Entertainment

True blue performers

Let’s get the burning question out of the way: Yes, there are Blue Women. They are rare, but the Blue Man Group isn’t some “no-girls-allowed” club.

“They wear the same latex bald cap that we do to hide our hair and ears,” says Kirk Massey, a Blue Man since 2005. “They cover their faces in the same glossy blue grease paint that we do. If they meet the age and height requirements — over 18 and between 5-10 and 6-2 — and have the stamina, they can be a Blue Man.”

Jerry Kops, one of four on-stage musicians since 2006 who back up the three Blue Men at the heart of the show, says, “It doesn’t change the dynamic. The key is that they all look alike.”

They become just one of the guys — or the guys become one of the gals, if you want to think of it that way,” Kops says with a laugh. “Blue Men are all essentially the same character.”

Of the 30 official Blue Men currently touring the world in groups of three to explore the wondrous, sometimes hilarious and often messy relationship (rain ponchos are passed out to audience members in the first few rows because of splashing paint) between comedy, music and technology, none currently are female.
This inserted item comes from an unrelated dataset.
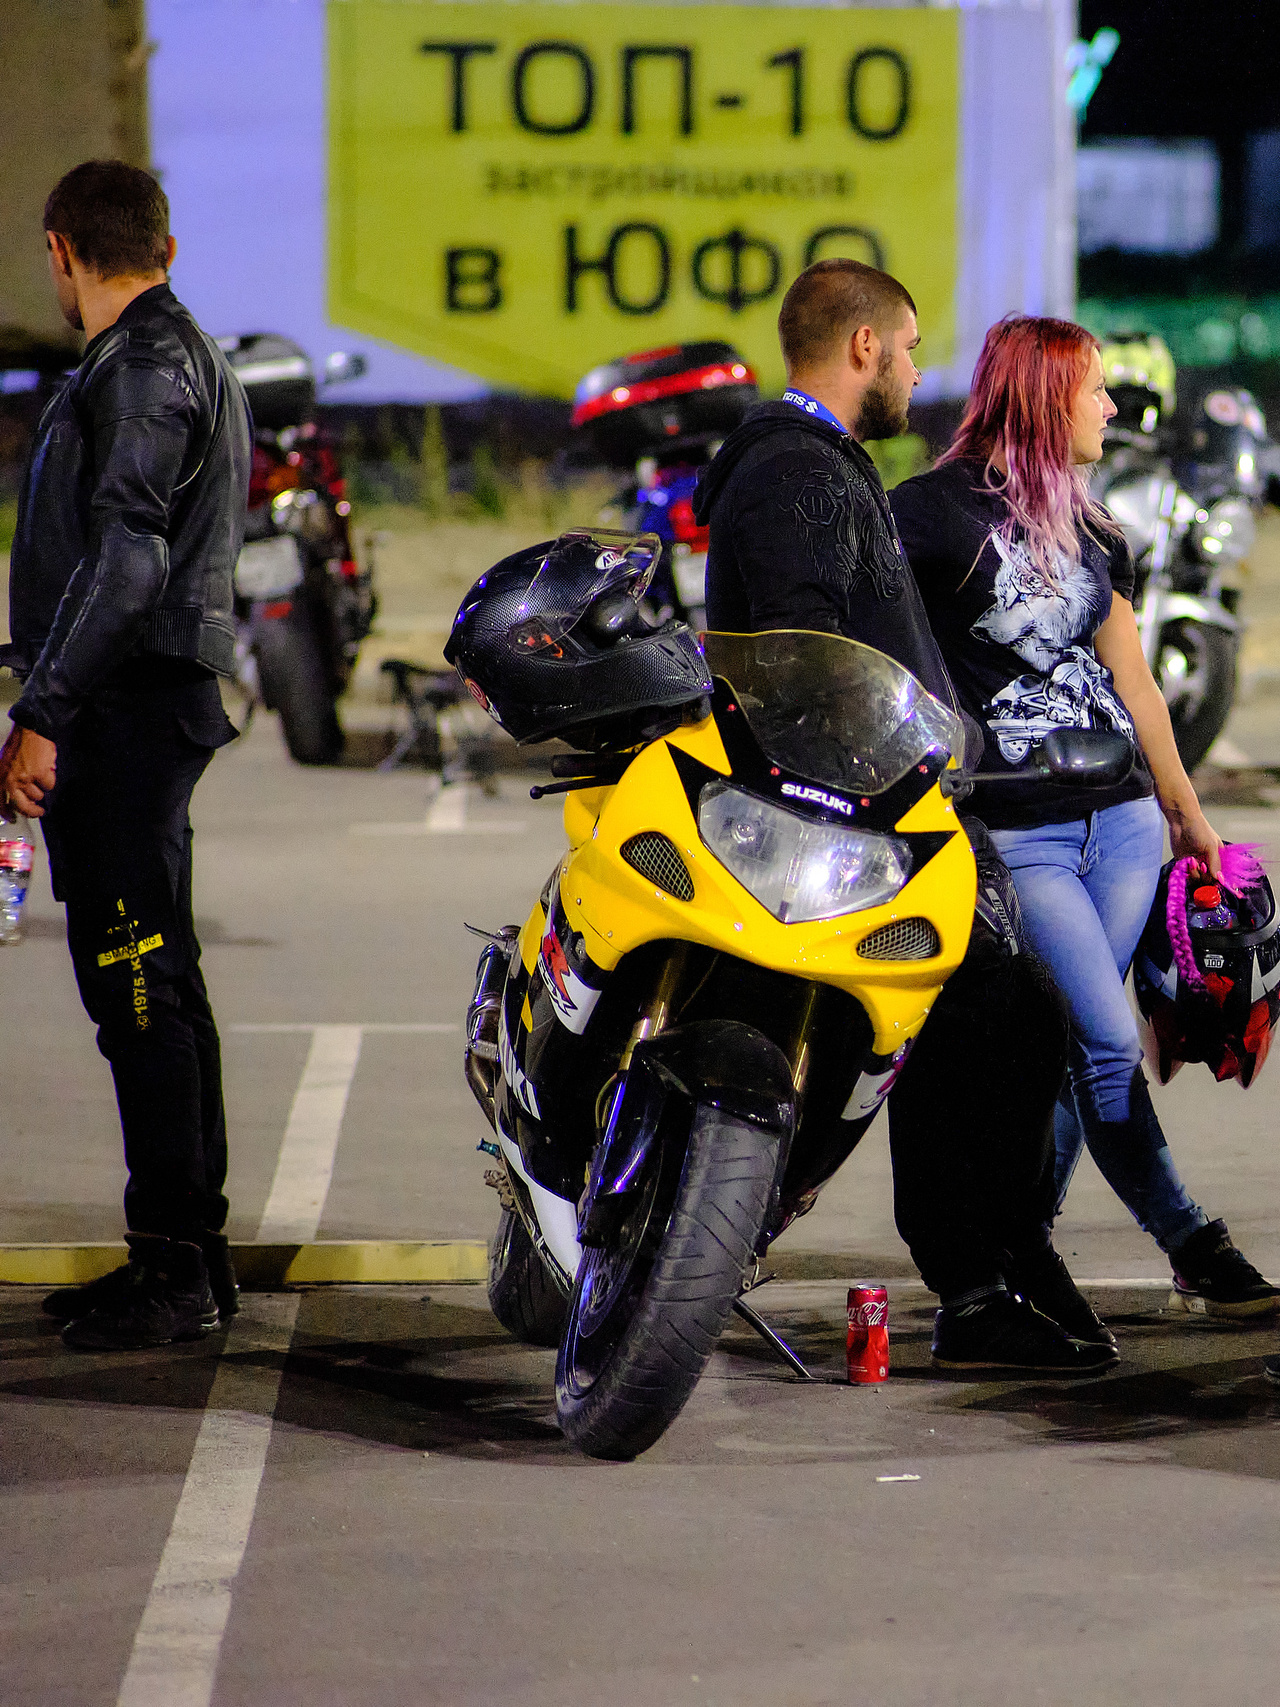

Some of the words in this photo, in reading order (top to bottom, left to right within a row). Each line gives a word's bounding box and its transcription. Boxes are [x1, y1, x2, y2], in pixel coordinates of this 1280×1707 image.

The North American Tour of Blue Man Group will stop at Wichita’s Century II Concert Hall for four performances this weekend as part of this season’s Theater League Series. Tickets range from $39 to $69.

The show runs about 1¾ hours without an intermission. Afterward, the Blue Men, who never speak but communicate with their eyes, will meet and “greet” audience members in the lobby still in character. To sign autographs, they leave a smear of blue paint, Massey says.

“It makes a nice closure because we don’t do traditional theater. We break the fourth wall all the time to try to connect with the audience.”

Now 29, Massey is a Georgia native who classifies himself as a musician first (drums since age 6), then an actor (since high school), then an athlete because of the grueling physical demands of the show, including drumming away on unique musical instruments made of PVC plumbing pipes in twisty configurations. When he’s in character, he says he doesn’t miss talking.

“You communicate with your eyes, like you do with close friends when you’re across the room from each other. It can be very hard to do. It’s sort of like being an actor in a silent movie. You wear your heart on your sleeve, but you have to do it with finesse,” says Massey, who has performed with permanent troupes in New York, Boston and Orlando, where he maintains a home and where he joins the cast whenever he’s in town during tour breaks.

“To be good, you have to have that ‘it’ factor, that charisma. You have to have something compelling about you that catches people’s attention. I’ve tried to learn from the greats like Charlie Chaplin, Buster Keaton and the Marx brothers.”

Adds Kops, a native New Yorker whose resume includes “Rock of Ages” on Broadway: “What this show has taught me is how to be part of an ensemble. There is no such thing as ‘the lead.’ And I’ve discovered that it’s still very rewarding. When you do your part, the group stands out.”

College buddies Chris Wink, Matt Goldman and Phil Stanton launched Blue Man Group in 1987 as a variety act/comedy skit that revolved around three curious, otherworldly innocents with blue faces who were trying to comprehend the new and very strange world around them. A full-length show called “Tubes” went to Off-Broadway in 1991, winning awards for theater excellence. An album featuring music composed for their weird PVC instruments (inspired by the Brazilian sound pioneered by the band Uakti) was released in 1999. And the first national tour, which satirically deconstructed a rock concert into its cliched parts, followed in 2003.

“The Blue Men are classic outsiders,” Massey says. “The original concept is that they stepped out of a painting and looked around at modern technology and inventions that they didn’t understand but wanted very much to figure out.”

Massey describes them as clueless but sweet, funny, mischievous and sometimes poignant.

“The characters don’t have names. We think of them as ‘right,’ ‘center’ and ‘left’ as they are on stage. Sometimes, we think of them as the Chris role, the Phil role and the Matt role,” says Massey, who has played all the characters at various times. “There are always three because that is the smallest group that can be a subset of more than one. Many of the skits involve one of the three Blue Men doing something in opposition to the other two.”

Massey says that his fellow Blue Men come from various backgrounds, from music (like he does) to the circus to Shakespeare to even one who was a serious scientist with a degree in biology.

“I’m glad he found his real passion,” Massey says.

Surprisingly, musician Kops — a Chapman Stick and string player who studied music with private tutors rather than in school — got a nursing degree and still maintains his license as a registered nurse.

“I burned out on the bureaucracy of dealing with paperwork and arrogant physicians,” Kops says. “But between gigs, I occasionally go back to nursing because I still love caring for people.”

For Massey, the thrill of performance is what he calls “the wild-card factor.”

“When you are playing with an audience, you can never predict what will happen. We bring people on stage or we might go into the audience. It’s like improv — you have to be on your toes constantly. I love that.”